Тут произошло шевеление в зале, быстро начал стекаться народ, задвигали стульями, и вот уже установилась тишина. Председатель неторопливо начал читать протоколы комиссии, в зале словно накалялся от нетерпения воздух, а председатель, соблюдая форму, не спешил; это дало возможность Владимиру Петровичу прийти полностью в себя, он сидел на сцене с невозмутимым видом. И вот наконец огласили результаты голосования. За Кедрачева — чуть более трети голосов, остальное досталось Кенжетаеву; зал сразу взорвался криками, аплодисментами, даже свистом.

И тут Кедрачев поднялся, — все же у него была хорошая школа, — улыбаясь, пошел на Кенжетаева, протягивая ему обе руки; тот, видимо, этого не ожидал, а Кедрачев не дал ему опомниться — не только пожал руку, как это делают борцы после тяжелой схватки, но и притянул к себе. Пусть видит народ, что он вовсе не считает себя проигравшим; он достойно приемлет поражение и готов работать дальше, как и работал; ведь пройдет время — будут избирать и заместителей генерального.
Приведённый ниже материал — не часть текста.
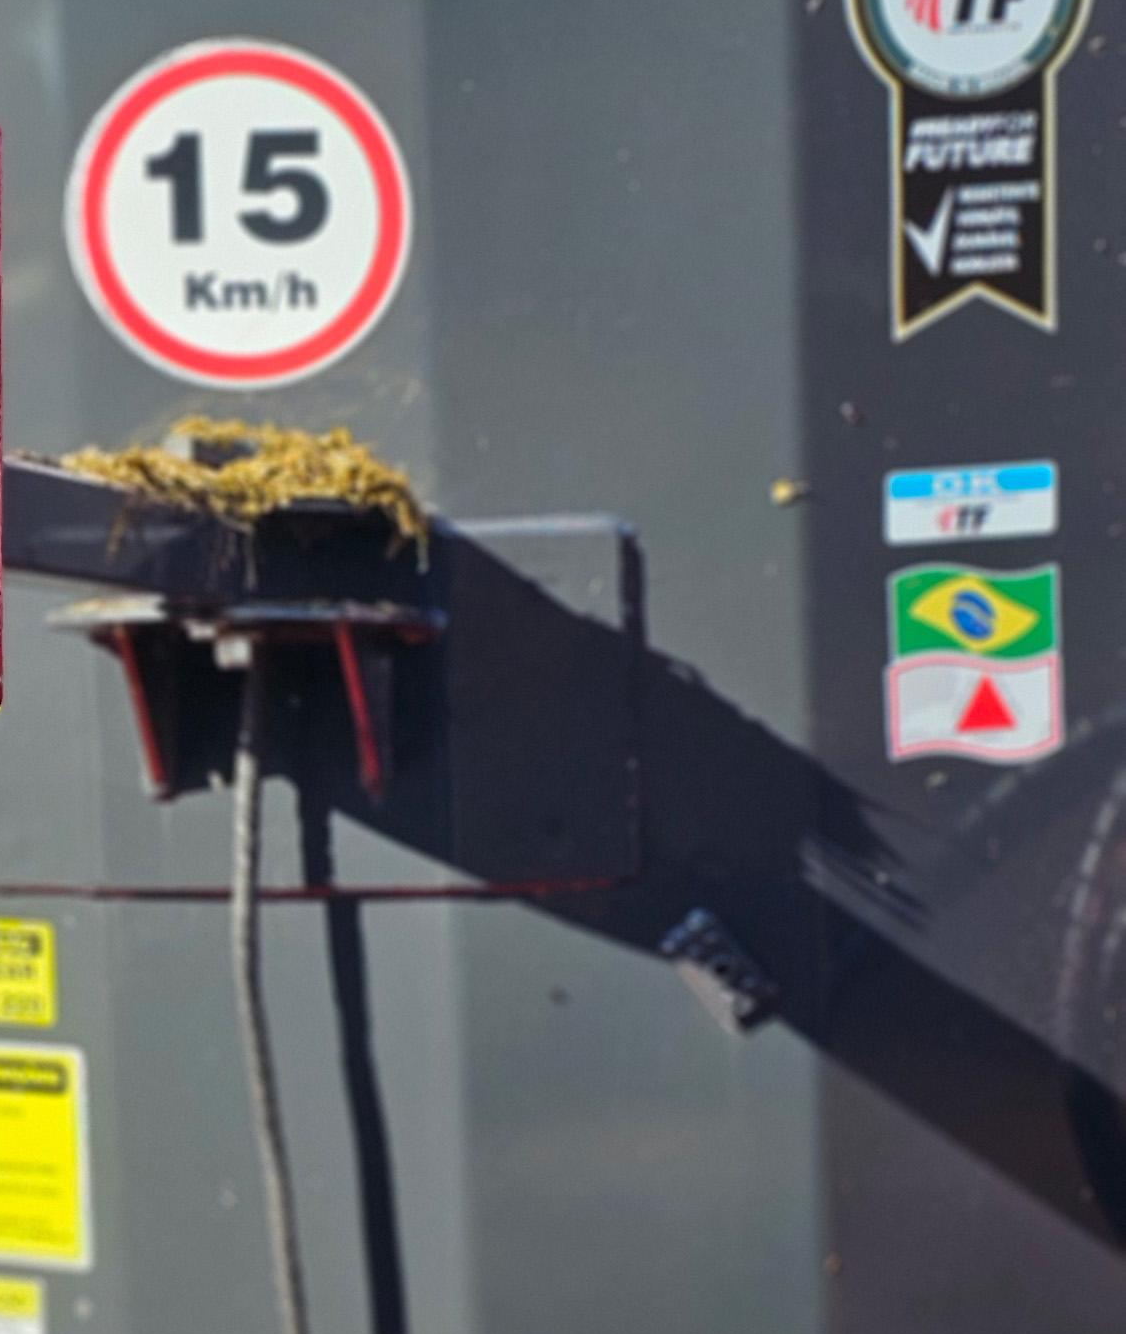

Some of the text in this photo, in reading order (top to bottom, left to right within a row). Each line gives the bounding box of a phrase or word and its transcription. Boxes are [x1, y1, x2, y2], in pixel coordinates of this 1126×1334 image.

[905, 135, 1035, 171] FUTURE
[145, 128, 331, 244] 15
[183, 273, 318, 312] Km/h
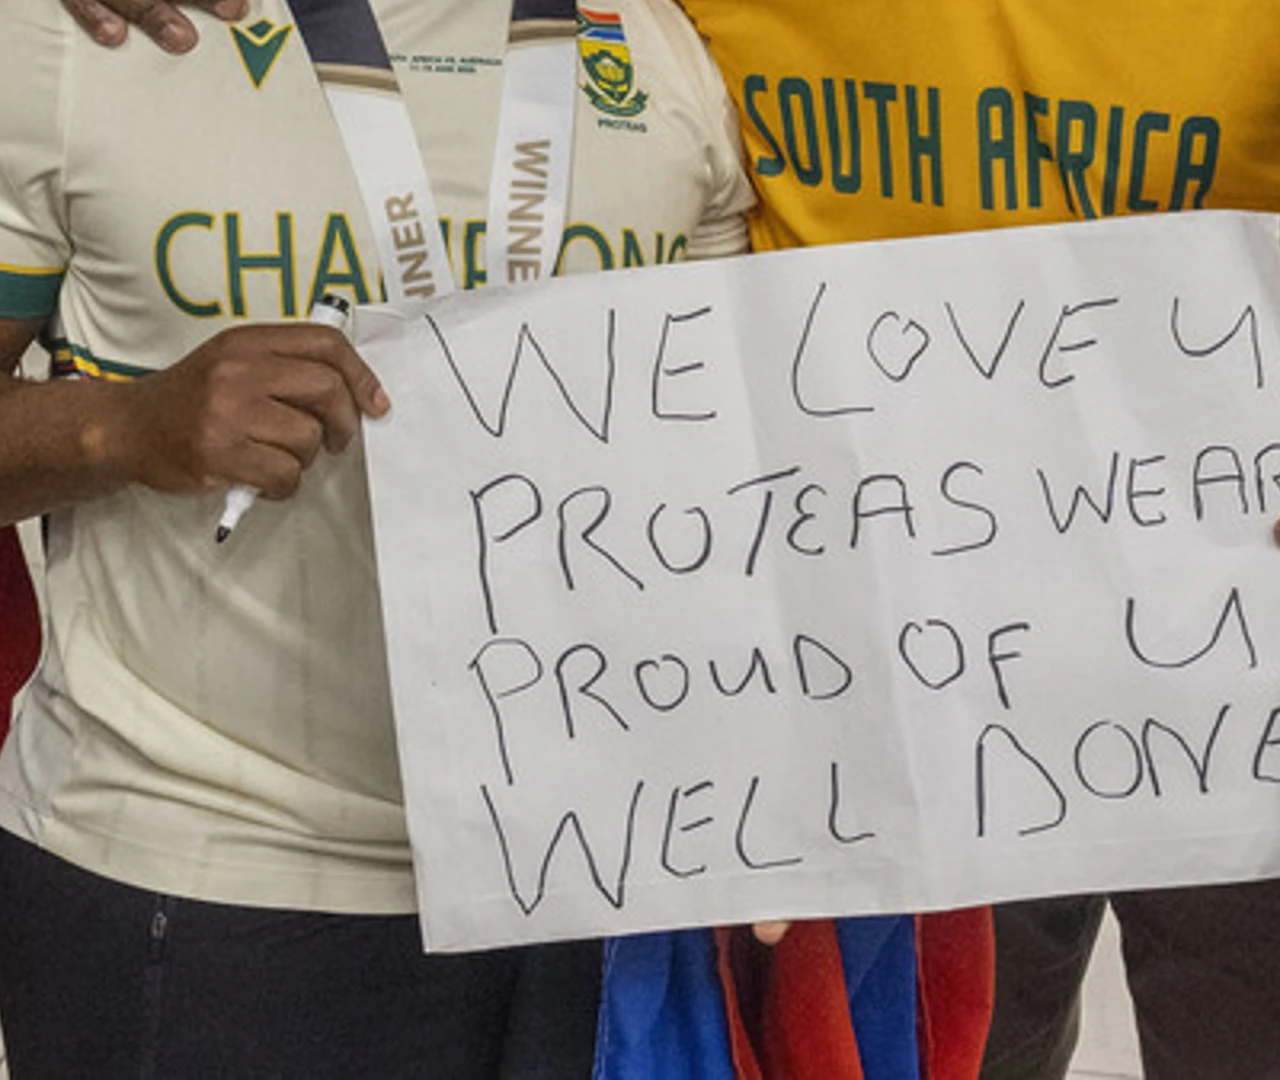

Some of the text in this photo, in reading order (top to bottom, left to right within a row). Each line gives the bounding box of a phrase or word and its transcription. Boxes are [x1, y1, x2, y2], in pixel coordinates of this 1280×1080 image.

[506, 139, 551, 284] WINNE
[743, 74, 1220, 219] SOUTH AFRICA
[424, 306, 717, 444] WE
[791, 282, 1118, 418] LOVE
[469, 461, 997, 634] PROTEAS
[1036, 451, 1167, 535] WE
[468, 635, 853, 785] PROUD
[898, 619, 1030, 709] OF
[480, 761, 876, 916] WELL
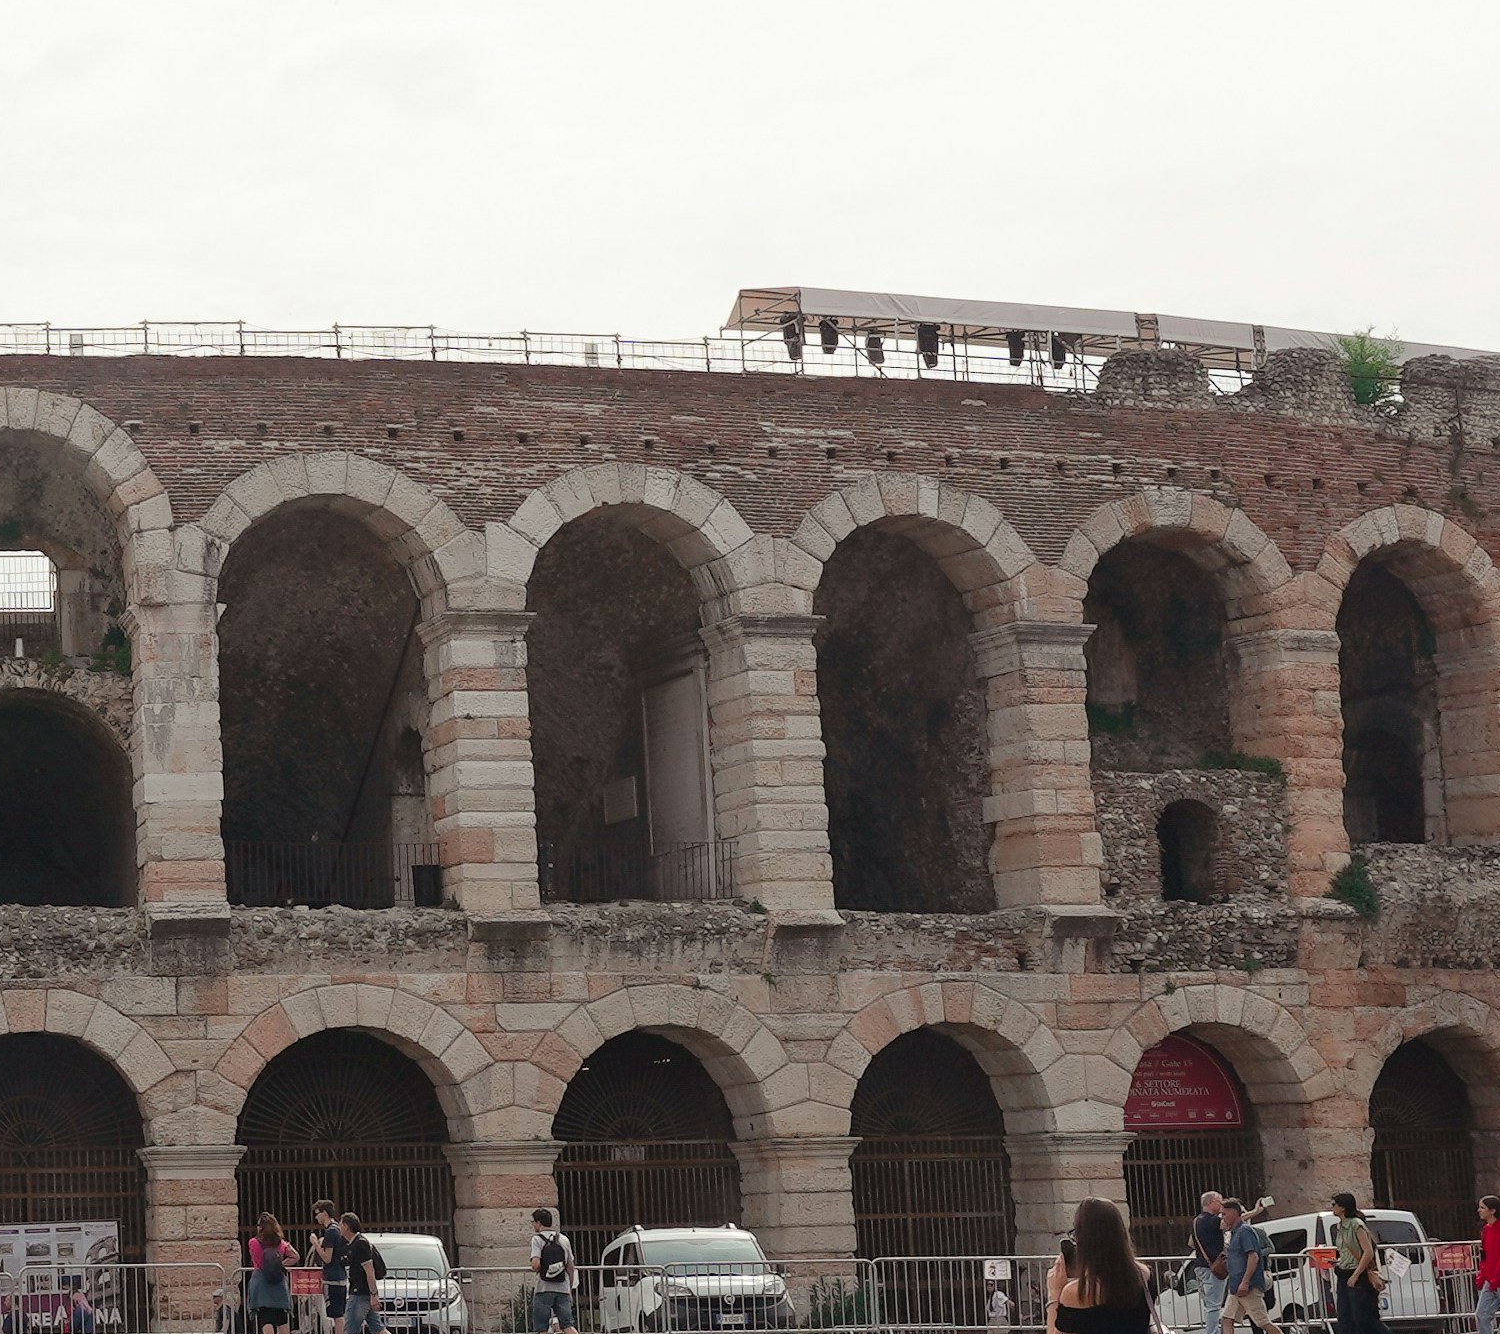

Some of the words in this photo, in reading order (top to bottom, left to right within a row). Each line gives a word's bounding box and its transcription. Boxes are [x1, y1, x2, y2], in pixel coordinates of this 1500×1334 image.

[1161, 1059, 1181, 1067] Gate
[1144, 1079, 1181, 1088] SETTORE
[1161, 1087, 1210, 1096] NUMERATA
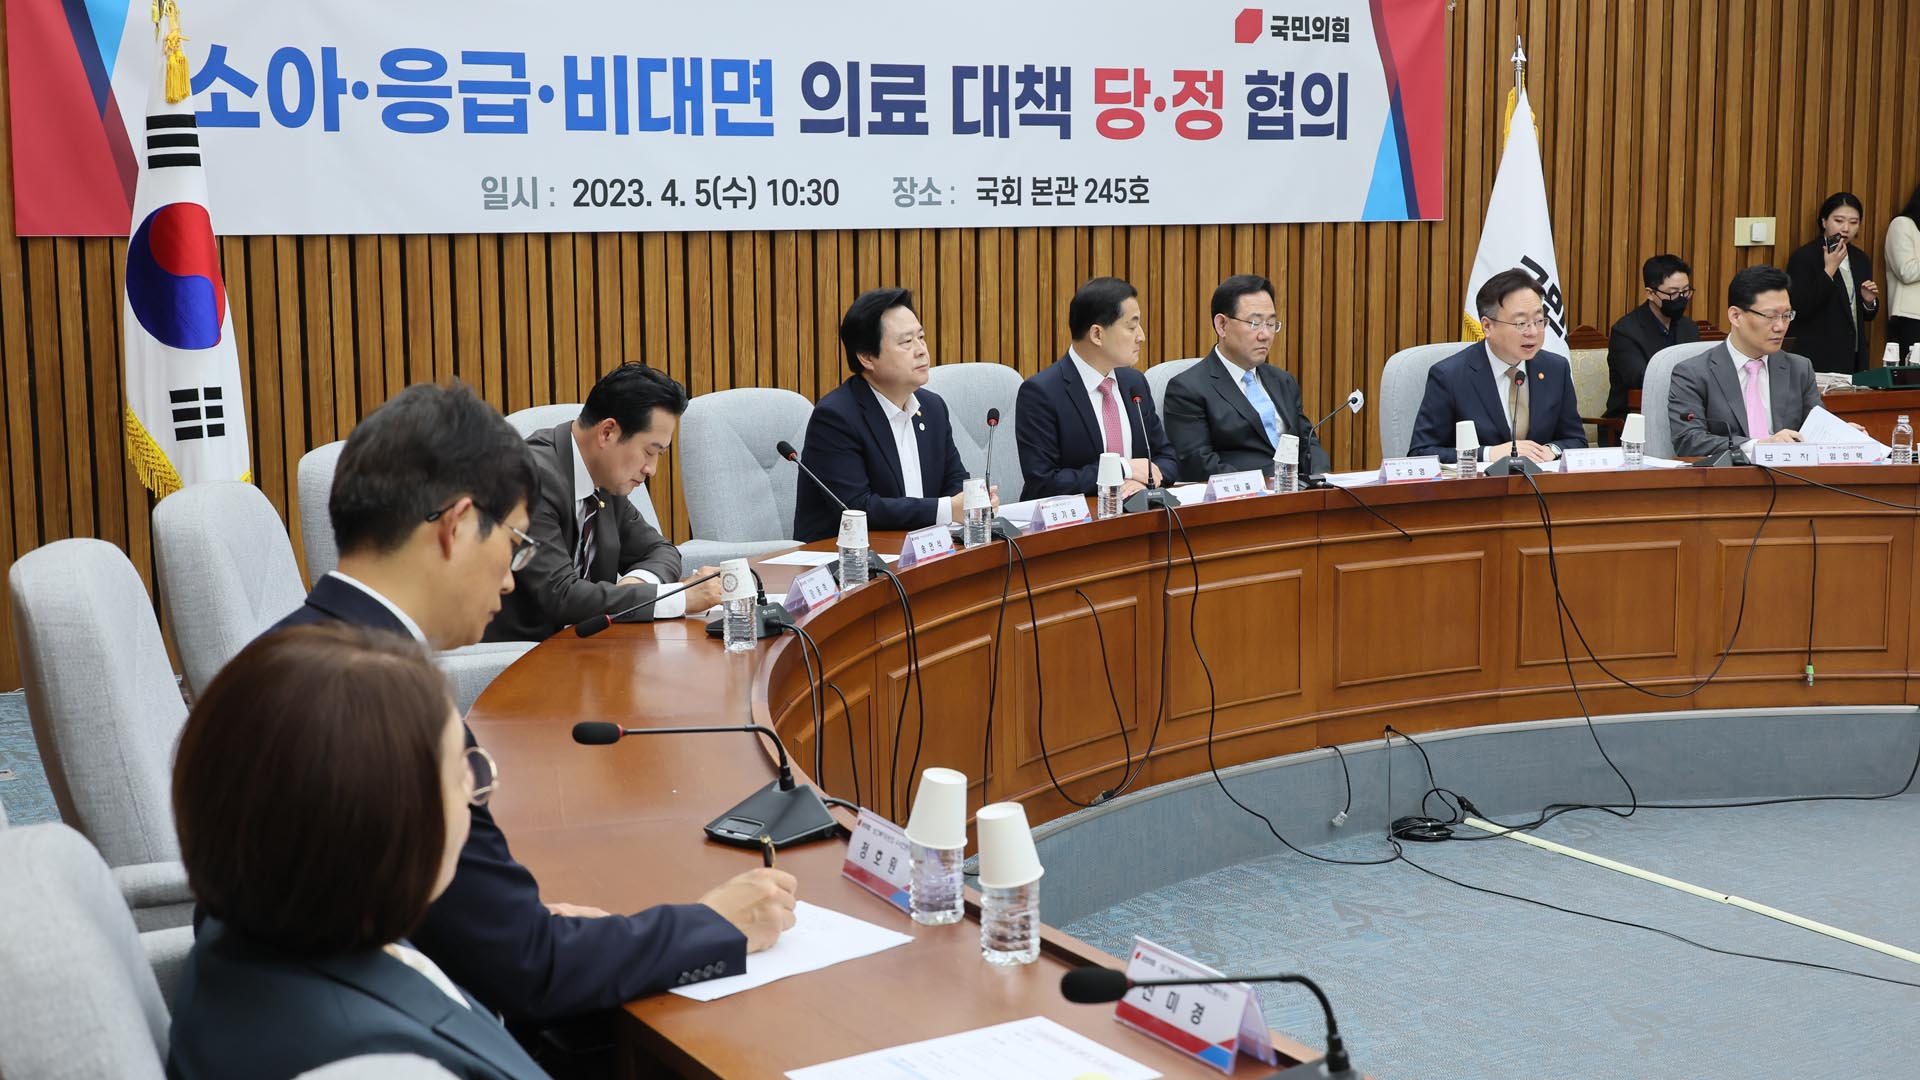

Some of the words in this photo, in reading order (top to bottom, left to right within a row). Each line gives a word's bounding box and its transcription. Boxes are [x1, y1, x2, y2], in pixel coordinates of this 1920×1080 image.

Владимира Петровича оттеснили, на сцену взобралось множество людей, чтобы пожать руку Антону Михайловичу, а он от такого наплыва и в самом деле смутился, бормотал что-то не очень связное, и Кедрачев, воспользовавшись этим, зашел за кулисы, там был выход в коридор. Он направился к себе в кабинет и думал: нет, еще не все потеряно, Кенжетаева должна утвердить коллегия министерства, она и утвердит, но нужно сделать так, чтобы Антон Михайлович отказался сам… А сделать это можно. План у Владимира Петровича созрел сразу, только одному ему не справиться.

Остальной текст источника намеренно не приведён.